[Stored records]
Start of Block

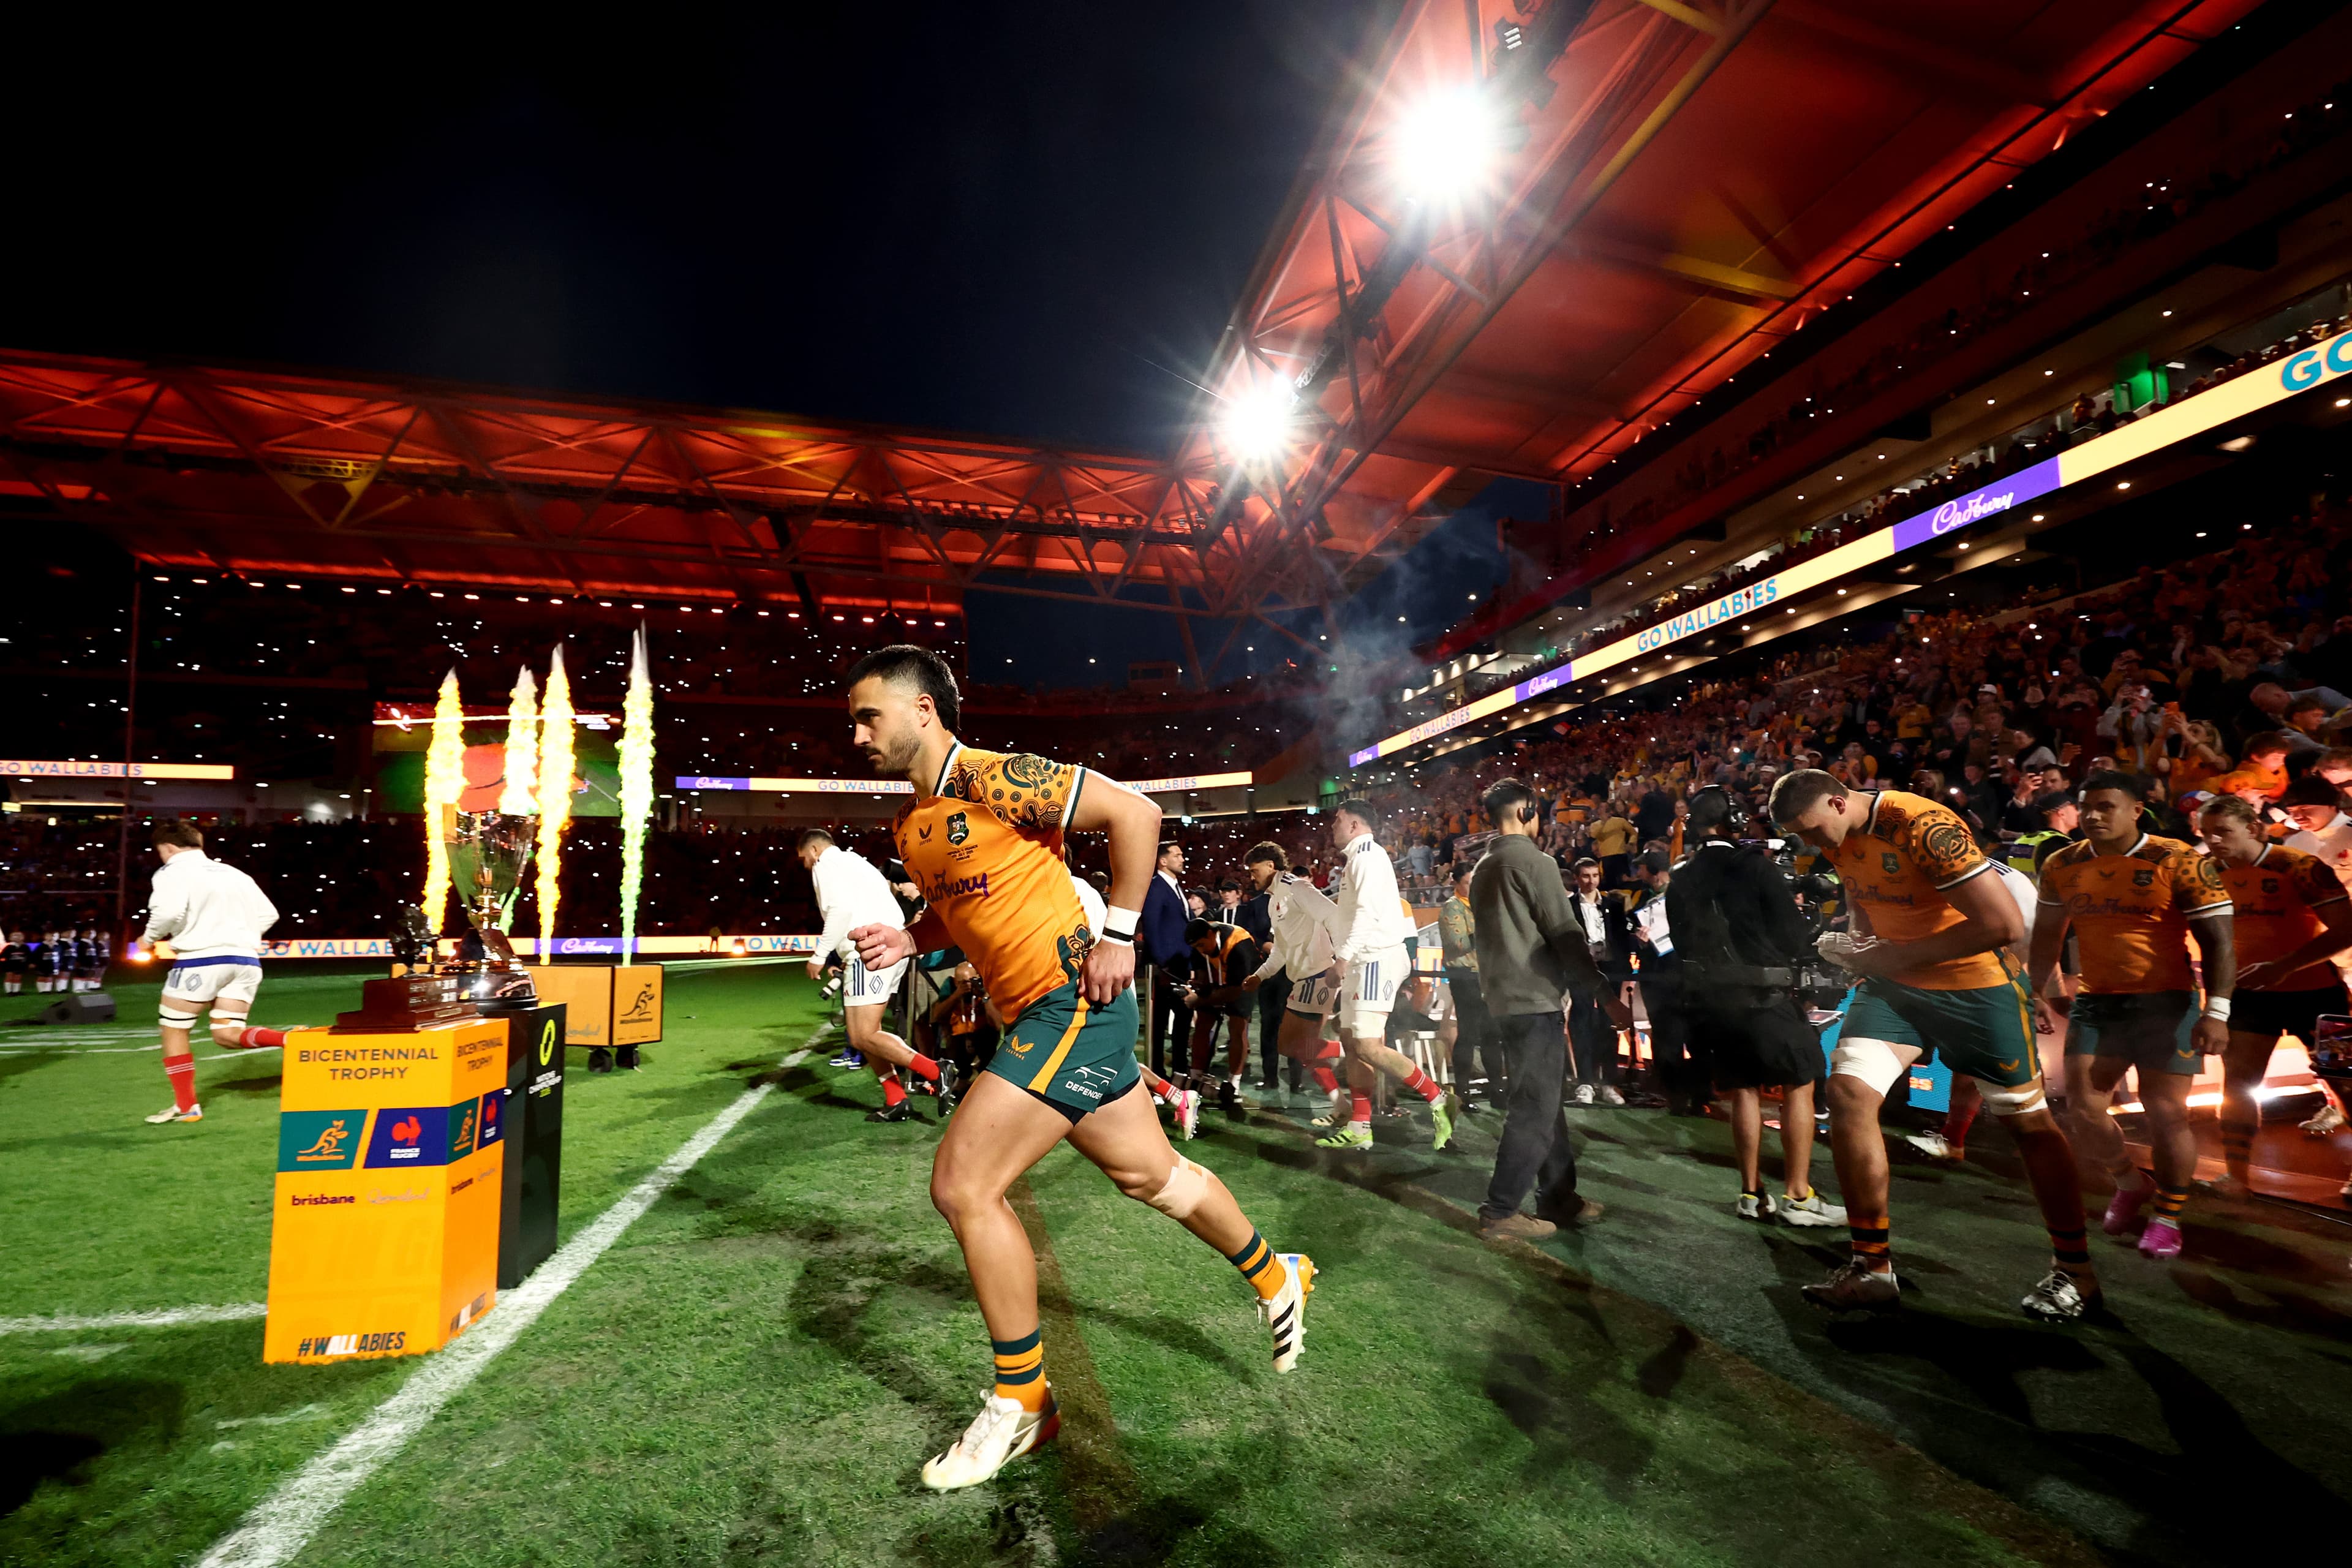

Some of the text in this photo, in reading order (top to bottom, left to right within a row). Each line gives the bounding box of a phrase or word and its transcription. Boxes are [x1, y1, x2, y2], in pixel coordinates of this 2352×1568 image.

[1932, 492, 2014, 535] Cadbury
[1638, 579, 1777, 652] GO WALLABIES
[1410, 707, 1471, 743] GO WALLABIES
[0, 762, 20, 773] O
[818, 781, 914, 792] GO WALLABIE
[1131, 778, 1197, 791] WALLABIES
[299, 1048, 439, 1062] BICENTENNIAL
[330, 1067, 409, 1080] TROPHY
[291, 1194, 355, 1207] brisbane
[298, 1332, 407, 1357] #WALLABIES

End of Block

[What the task asks] Write the entries above out again exactly, omitting each image.

[Worked solution]
Some of the text in this photo, in reading order (top to bottom, left to right within a row). Each line gives the bounding box of a phrase or word and its transcription. Boxes are [x1, y1, x2, y2], in pixel coordinates of this 2352×1568 image.

[1932, 492, 2014, 535] Cadbury
[1638, 579, 1777, 652] GO WALLABIES
[1410, 707, 1471, 743] GO WALLABIES
[0, 762, 20, 773] O
[818, 781, 914, 792] GO WALLABIE
[1131, 778, 1197, 791] WALLABIES
[299, 1048, 439, 1062] BICENTENNIAL
[330, 1067, 409, 1080] TROPHY
[291, 1194, 355, 1207] brisbane
[298, 1332, 407, 1357] #WALLABIES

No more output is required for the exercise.